On a recent Thursday night, a group of parlor game enthusiasts gathered at the cozy East Portland Coffee Roasters on Southeast Division to play a new card game called Higher Thought, basically the gentle, baked cousin of Apples to Apples or Cards Against Humanity. Contrary to everything my DARE office told me about social situations involving psychotropic substances, it was the purest thing.

Higher Thought ($24.95, higherthoughtcannabisgame.com) is a card game with a simple, non-competitive premise: You burn, meet up with fellow players and take turns answering cards printed with thought- and conversation-provoking questions.

The game's Portland creators hold monthly Higher Thought meetups at East Portland Coffee Roasters, and it helps that the spot has something most other coffee shops in Portland don't—an old school bus in the parking lot that's been converted into a toking lounge. Similar to the regulations that allow High Five Tours to operate, the bus counts as a private space where those of legal age can step inside for a little puff-puff-pass.

And that's how I came to spend a Thursday night hotboxing a small bus before considering what will await future generations and discussing what a tea party in the rings of Saturn would be like with an electrician, a computer programmer, a guinea pig owner, and a mother-daughter duo.

At first, I wasn't sure what to make of the concept— whereas Apples to Apples and Cards Against Humanity rely on knowing your friends' sense of humor, Higher Thought is all about getting to know whomever you're playing with better, especially if they're strangers. Co-creator Marc Polanski wanted to invent a game that would help draw stoners out of their isolated cocoons after recreational cannabis was legalized in Oregon in 2015. He also wanted to celebrate the collaborative, empathetic, cerebral, imaginative and whimsical effects pot can have on those who partake, pushing back against couch-lock stereotypes.

The result is something like the ice breakers you might have played at freshman orientation, except not horrifying or awkward. As a homebody with more than my fair share of social anxiety, I wasn't sure what it would be like contemplating what advice my future self might offer to my present self with a bunch of strangers. But Higher Thought lived up to the description offered up by its creators as "a pajama party for introverts."

It quickly became clear exactly what was meant by "let's get rowdy! (in a deeply spiritual way)" in the event description. Everyone was warm, welcoming and very intentional—in fact, I've never met moderators of any board or parlor game who were so on task and devoted to giving everyone a chance to be heard.

One question prompted a fellow participant to answer by way of referencing a book he had been reading, and of which he had a copy of in his bag. After the brief detour into the literary realm, we got back to the more extemporaneous answers. A question about whether or not cannabis helps individuals be more ethical prompted a flurry of positive responses as player after player referred to their increased self-compassion, lessening of ego, and greater awareness of the needs of others not only while high, but in between smoke sessions, too.

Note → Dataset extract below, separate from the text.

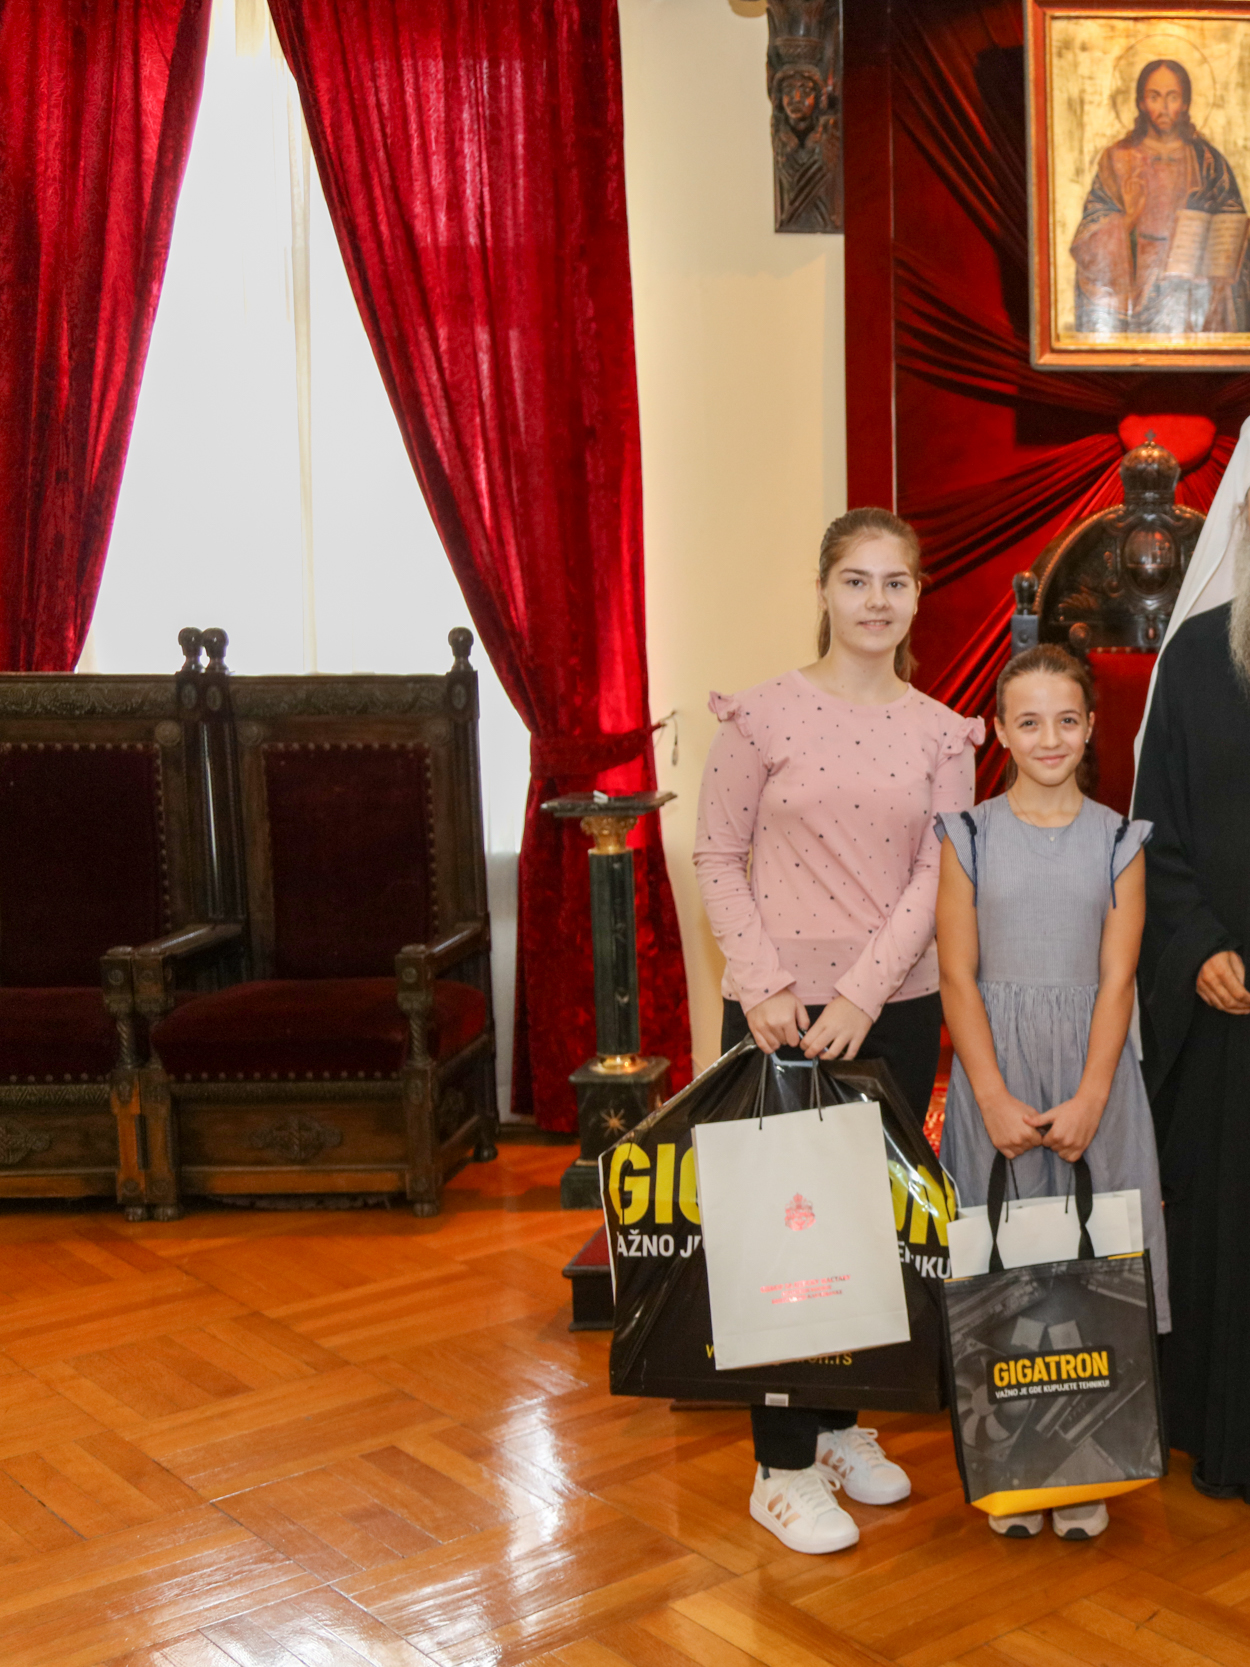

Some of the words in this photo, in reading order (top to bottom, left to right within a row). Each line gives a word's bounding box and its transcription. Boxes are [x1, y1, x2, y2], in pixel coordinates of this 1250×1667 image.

Some of the questions on the cards are actually a little easier to answer with strangers than with your close friends. Some of the questions—although carefully crafted to avoid overly personal or intimate inquiries—feel a little too heavy, like a card that asked whether the small children of tomorrow will have a bright future, which one challenges the optimism of every player with. But if you want, it's easy to skip to frothier cards, like the one that prompts you to share the least sexy word you can think of—"festering," "panties" and "moist" all made the list.

If you're looking for some friends who partake, a fun, low-stress activity to get involved in once a month, or find yourself wishing for more real, authentic conversations that go a little deeper than the weather and what the Timbers are up to, head to East Portland Coffee Roasters for next month's Higher Thought get-together. Or, you can buy the game for yourself and unleash the wholesome madness on your nearest and dearest.